___ RECORDS FOR THIS EXERCISE ___

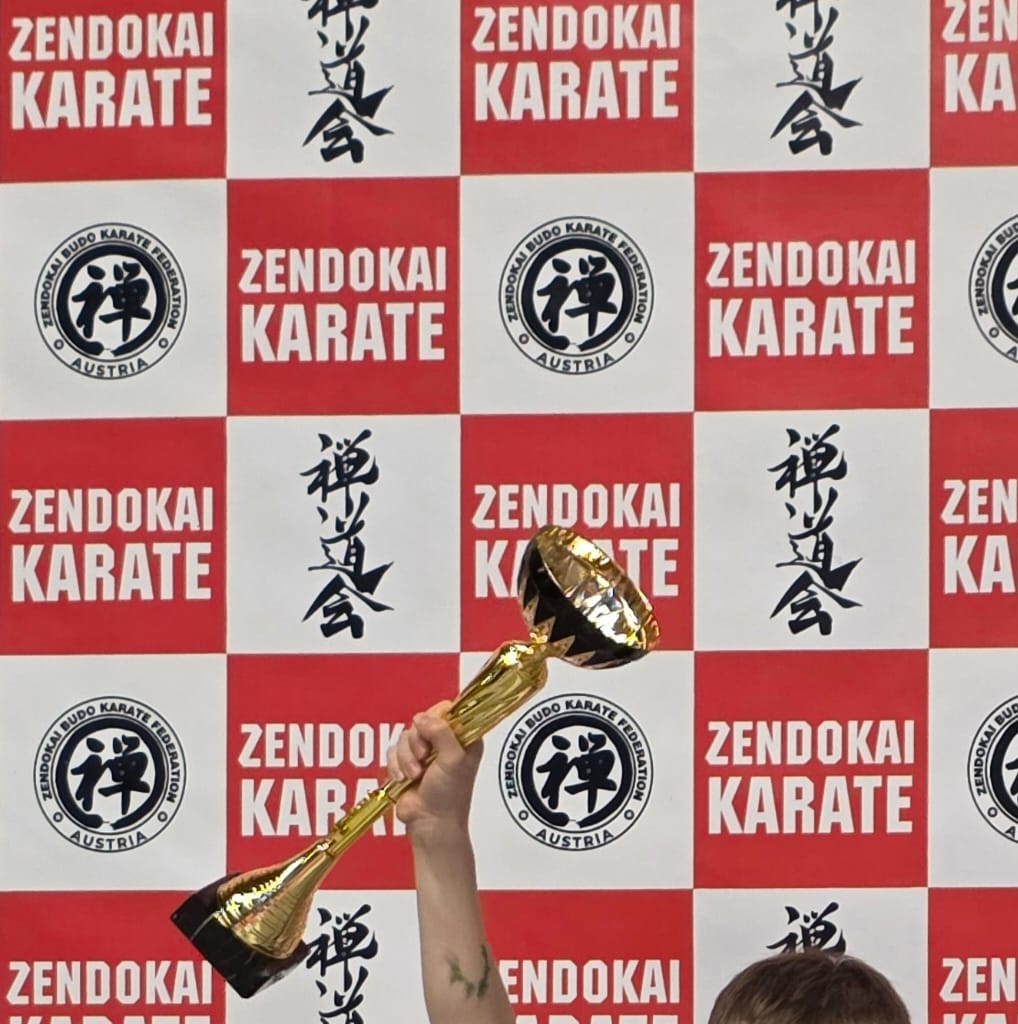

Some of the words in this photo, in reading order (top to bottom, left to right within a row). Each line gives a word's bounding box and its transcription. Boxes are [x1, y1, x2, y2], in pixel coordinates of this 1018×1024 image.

[9, 12, 213, 61] ZENDOKAI
[472, 4, 680, 52] ZENDOKAI
[12, 68, 211, 129] KARATE
[475, 59, 678, 121] KARATE
[40, 259, 62, 328] ZENDOKAI
[61, 233, 96, 258] BUDO
[100, 230, 151, 249] KARATE
[151, 248, 181, 330] FEDERATION
[239, 247, 446, 293] ZENDOKAI
[706, 240, 915, 287] ZENDOKAI
[242, 302, 444, 362] KARATE
[709, 296, 914, 357] KARATE
[71, 358, 148, 377] AUSTRIA
[9, 487, 213, 533] ZENDOKAI
[472, 483, 680, 533] ZENDOKAI
[12, 542, 211, 602] KARATE
[705, 720, 914, 765] ZENDOKAI
[973, 726, 996, 796] ZENDOKAI
[709, 776, 912, 834] KARATE
[6, 960, 212, 1005] ZENDOKAI
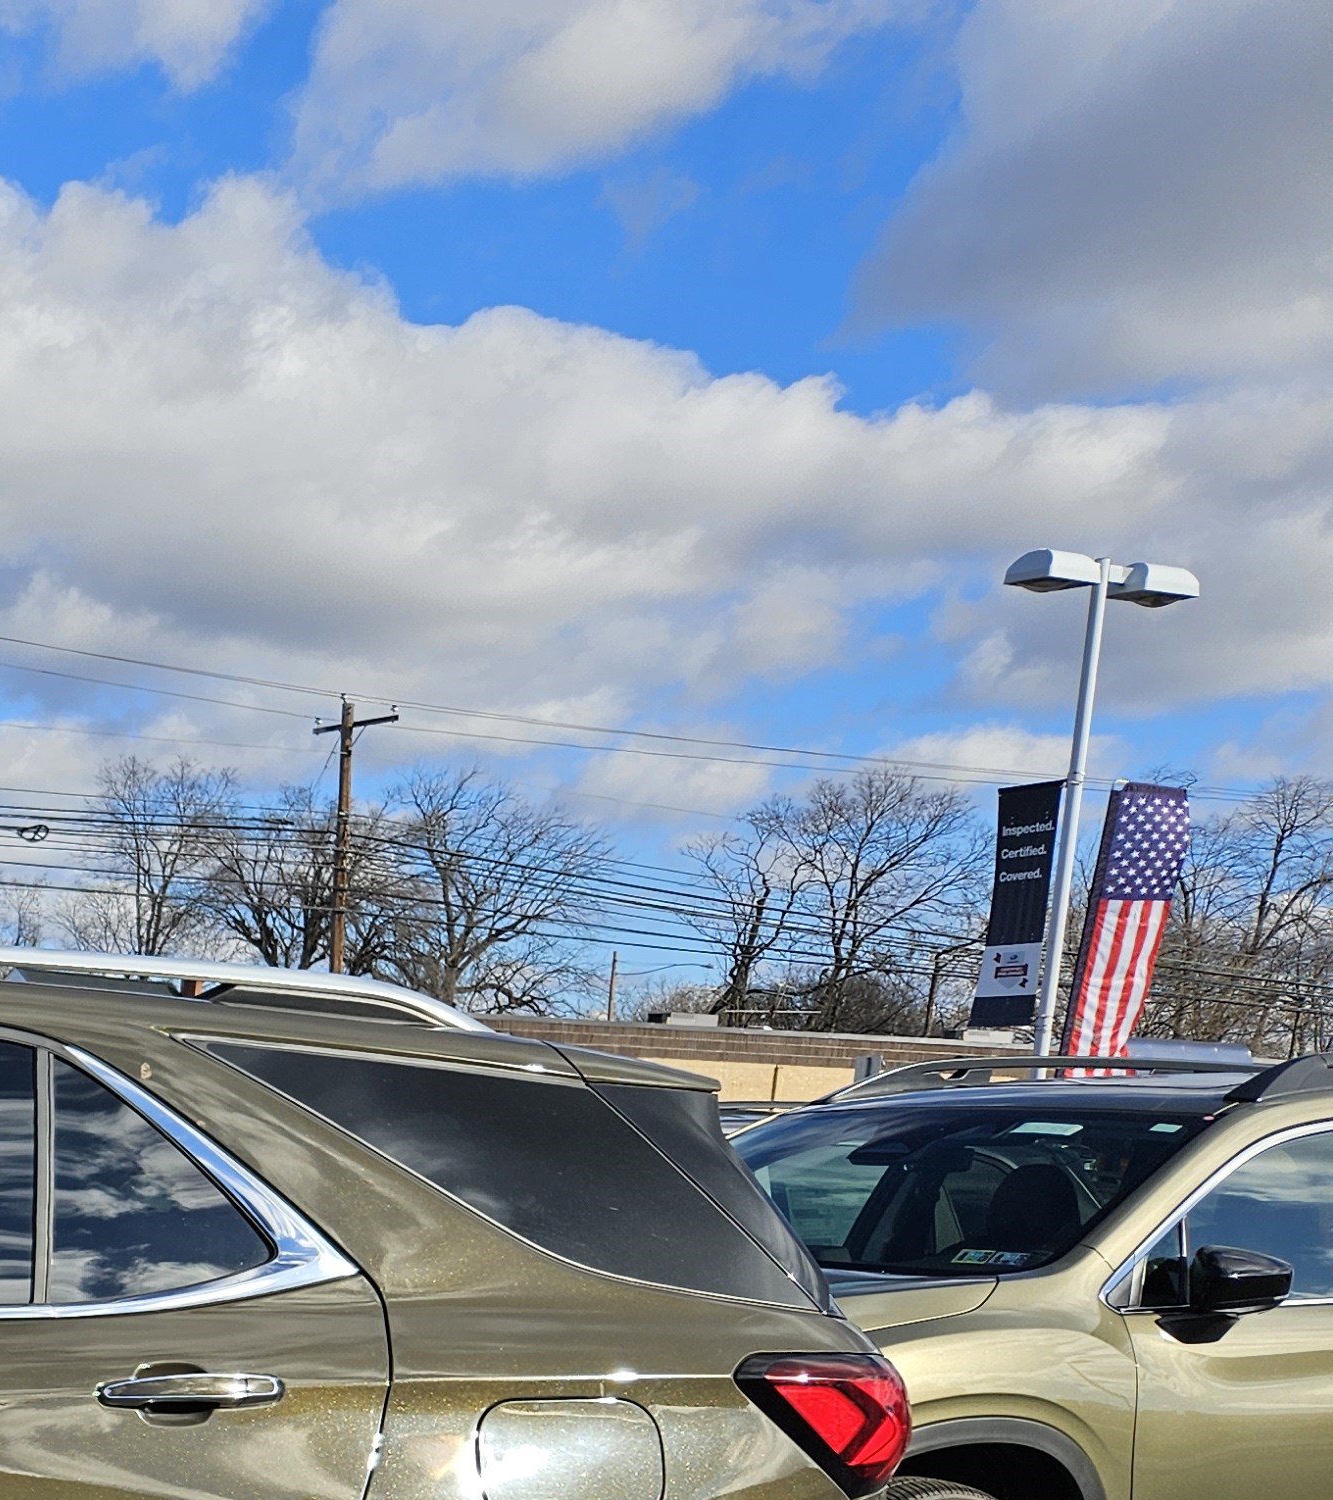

___

> [EXERCISE BRIEF]: Give the entries above again in full and exactly, but not the pictures.

> [RESULT FOR THIS EXERCISE]:
Some of the words in this photo, in reading order (top to bottom, left to right within a row). Each line gives a word's bounding box and its transcription. Boxes are [x1, y1, x2, y2], in pixel coordinates of this 1018×1024 image.

[9, 12, 213, 61] ZENDOKAI
[472, 4, 680, 52] ZENDOKAI
[12, 68, 211, 129] KARATE
[475, 59, 678, 121] KARATE
[40, 259, 62, 328] ZENDOKAI
[61, 233, 96, 258] BUDO
[100, 230, 151, 249] KARATE
[151, 248, 181, 330] FEDERATION
[239, 247, 446, 293] ZENDOKAI
[706, 240, 915, 287] ZENDOKAI
[242, 302, 444, 362] KARATE
[709, 296, 914, 357] KARATE
[71, 358, 148, 377] AUSTRIA
[9, 487, 213, 533] ZENDOKAI
[472, 483, 680, 533] ZENDOKAI
[12, 542, 211, 602] KARATE
[705, 720, 914, 765] ZENDOKAI
[973, 726, 996, 796] ZENDOKAI
[709, 776, 912, 834] KARATE
[6, 960, 212, 1005] ZENDOKAI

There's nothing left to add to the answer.